Pino F. ne aveva un albero nel suo orto, quello a ridosso della strada che porta alla stazione, precisamente all’altezza ru campu, dietro l’orto ru Tighiri.
Era in bella vista e chiunque passasse per quella strada non poteva non vederlo.
Tutte le mattine mentre mi recavo a prendere il treno per andare a scuola, davo una sbirciata all’albero e verificavo lo stato di maturazione delle ciliegie.
Ma non ero il solo poiché, come me, vi erano anche altri ragazzi che tenevano sotto costante controllo le ciliegie.
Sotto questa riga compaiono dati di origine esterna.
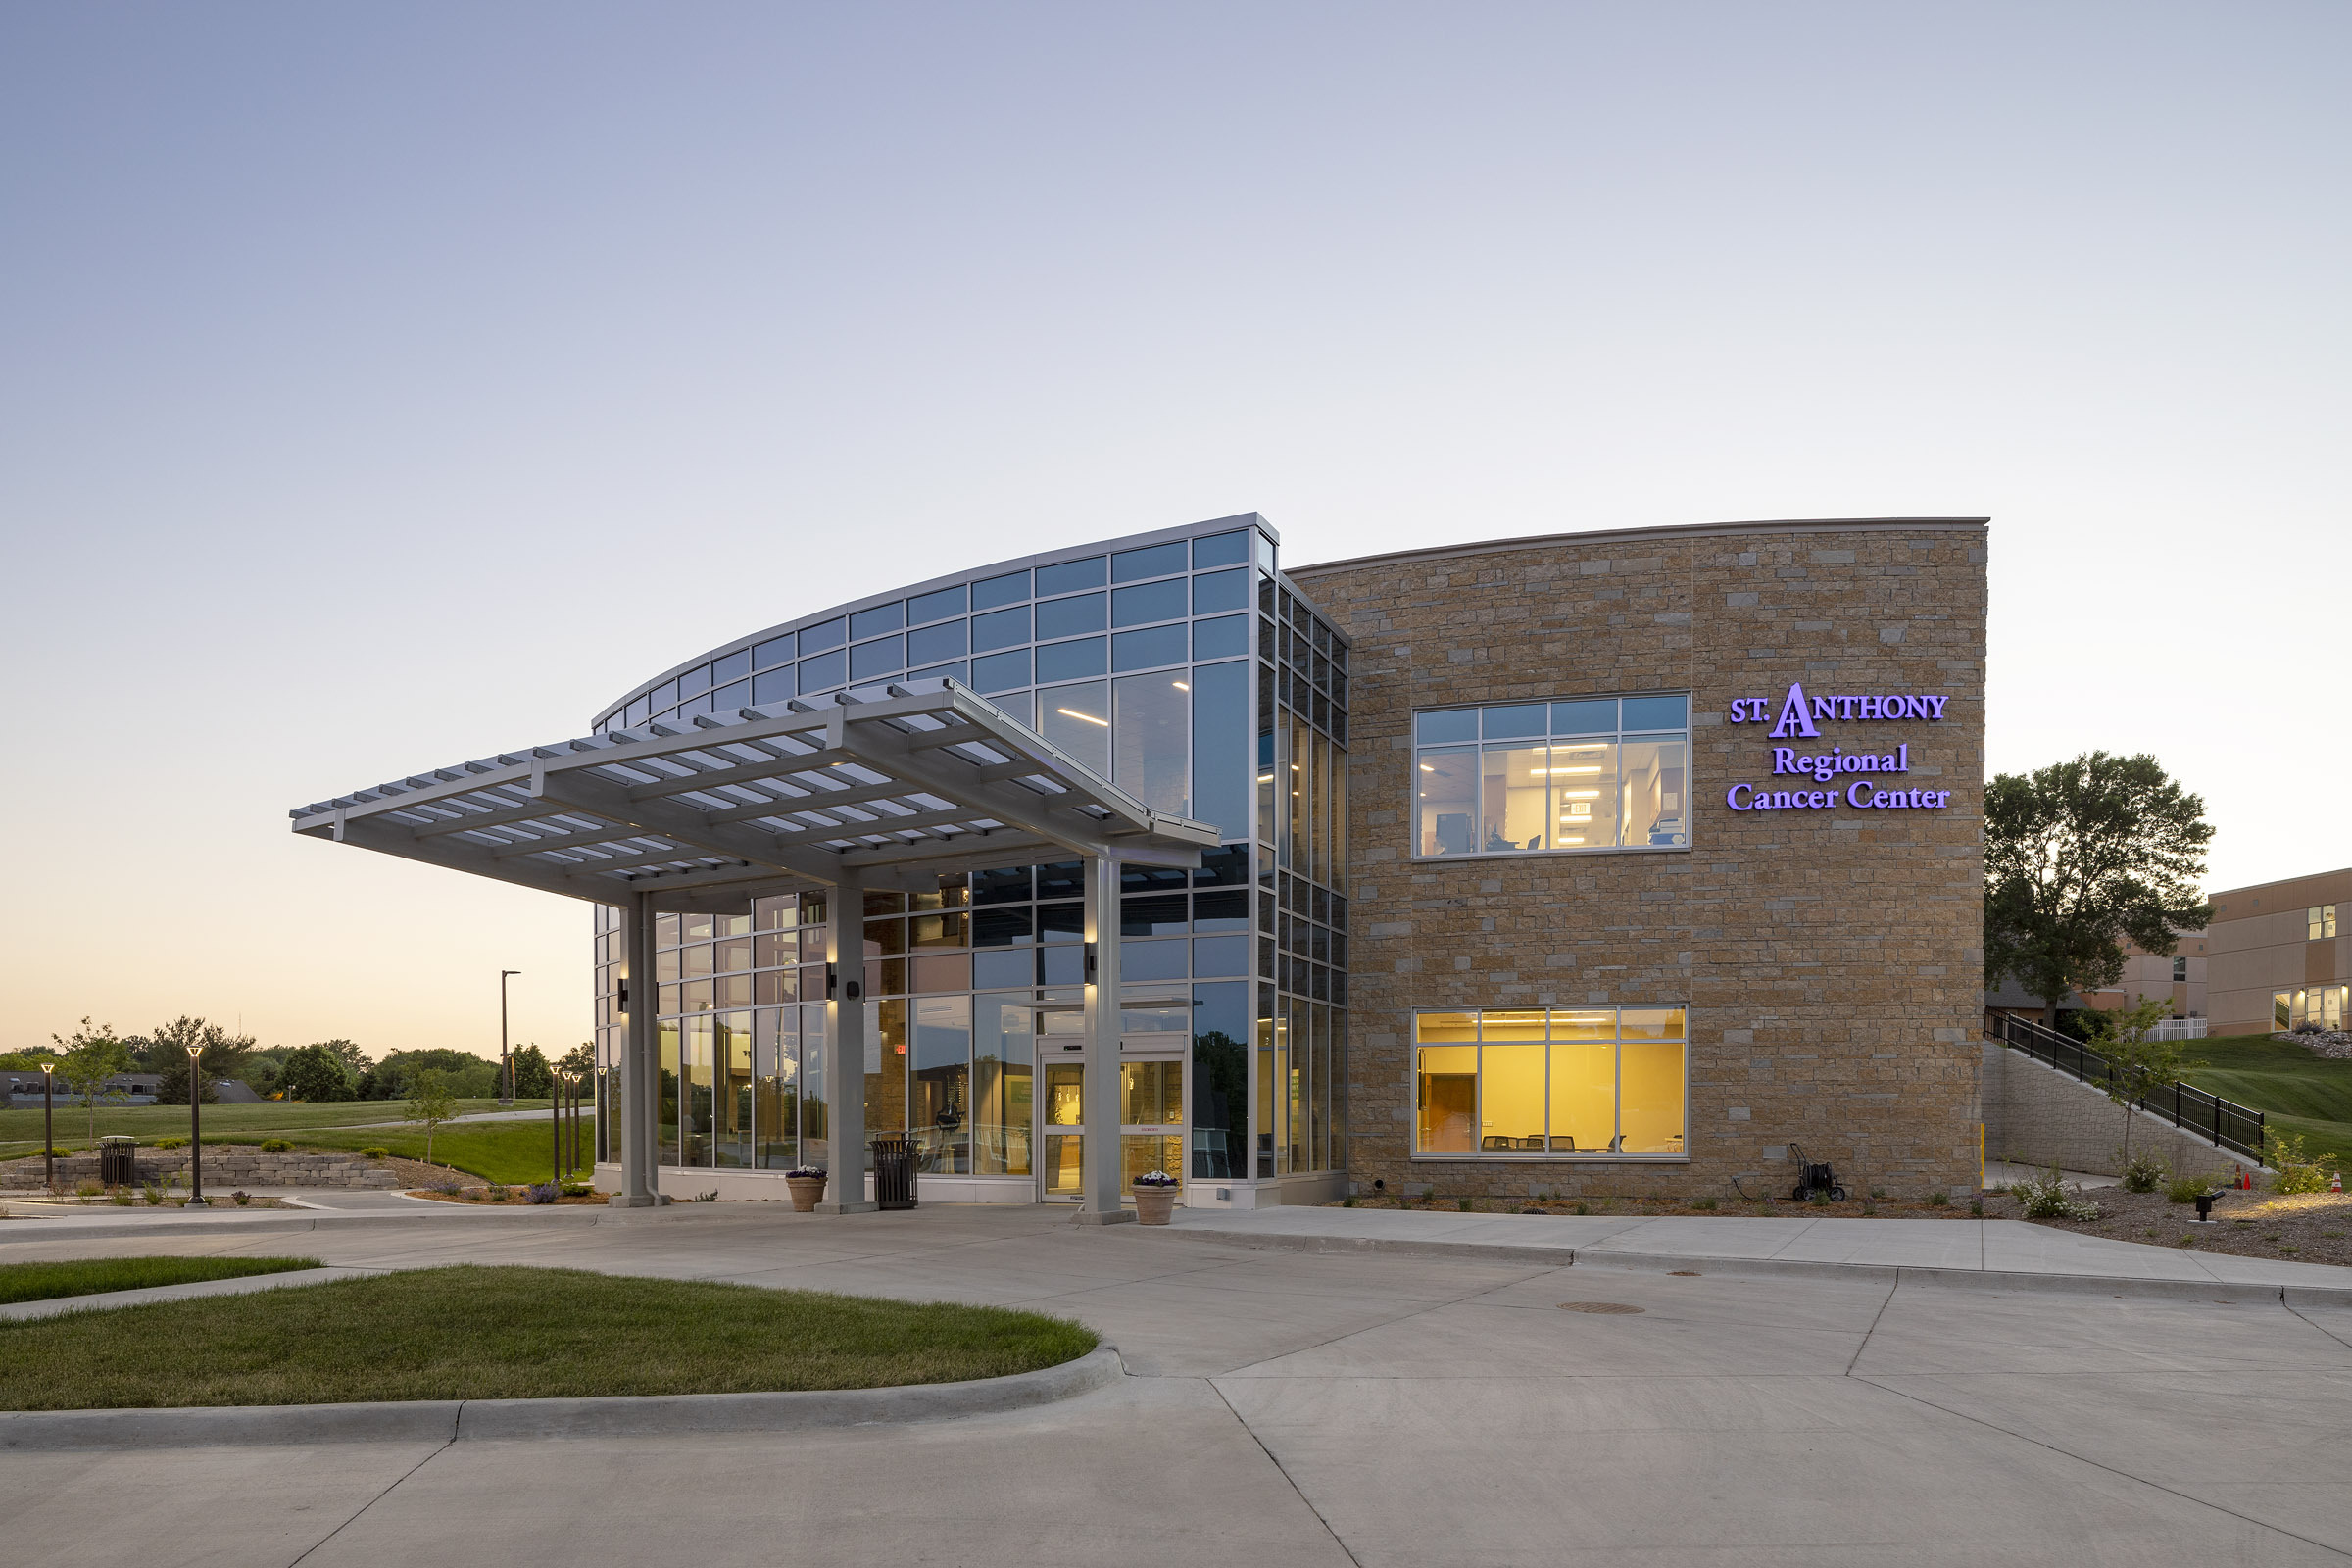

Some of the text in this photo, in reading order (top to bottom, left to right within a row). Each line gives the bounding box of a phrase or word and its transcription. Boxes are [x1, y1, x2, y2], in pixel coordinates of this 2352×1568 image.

Era una gara contro il tempo e chi prima coglieva l’attimo, meglio si serviva, in quanto tutti gli anni gliele rubavamo.
Il padre di Pino faceva il commerciante di agrumi e non aveva tempo per andare all’orto a coglierle, Pino era ancora piccolo, per cui le ciliegie erano a nostra disposizione.
Divenuto grande, Pino si lamentava che mai, lui e la sua famiglia, erano riusciti a mangiarsi una sola ciliegia di quell’albero e piuttosto che averne bene gli altri, suo padre aveva deciso tagliarlo.
« St’annu ma viru ieu e i cirasi non mi fazzu futtiri», così andava dicendo a chi gli faceva allusione sulle ciliegie e al fatto che fossero quasi mature.
Le curò per tutto il tempo fino a quando, ormai mature, sia lui che noi aspettavamo il momento propizio, lui per coglierle, noi per fregargliele.
Di me si fidava e quando glielo chiesi mi confidò che il giorno dopo sarebbe andato a coglierle.
La sera stessa informai gli altri ragazzi e insieme andammo nell’orto e gliele spazzolammo tutte.
Non ne lasciammo nemmeno una sull’albero.
Al mattino mentre andavamo a prendere il treno, vedendo l’albero completamente spoglio, tra lo stupito e l’arrabbiato esclamò «Sti figghi i buttana, puru sta vota mi futtiru i cirasi».
Feci una faccia di circostanza e cercando di consolarlo gli dissi «Tu rissi ieu chi l’avivi cogghiri prima»
Fu l’ultima volta che mangiammo quelle ciliegie poiché suo padre, mantenendo fede alla promessa, purtroppo per noi, lo fece tagliare.
Dice un proverbio calabrese “l’arburu chi non da frutta, sciunetta e focu”, ma quel ciliegio la dava la frutta e anche buona!

1 commento:

arcade fire ha detto...

ecchiè? i cirasi non mbalunu?

Mimmo quando tu cominci un racconto con "maitiche" vado in brodo di giuggiole, e ti vedo come il cantore, l'unico, della Favazzina ancestrale.
Molto bella, ciao.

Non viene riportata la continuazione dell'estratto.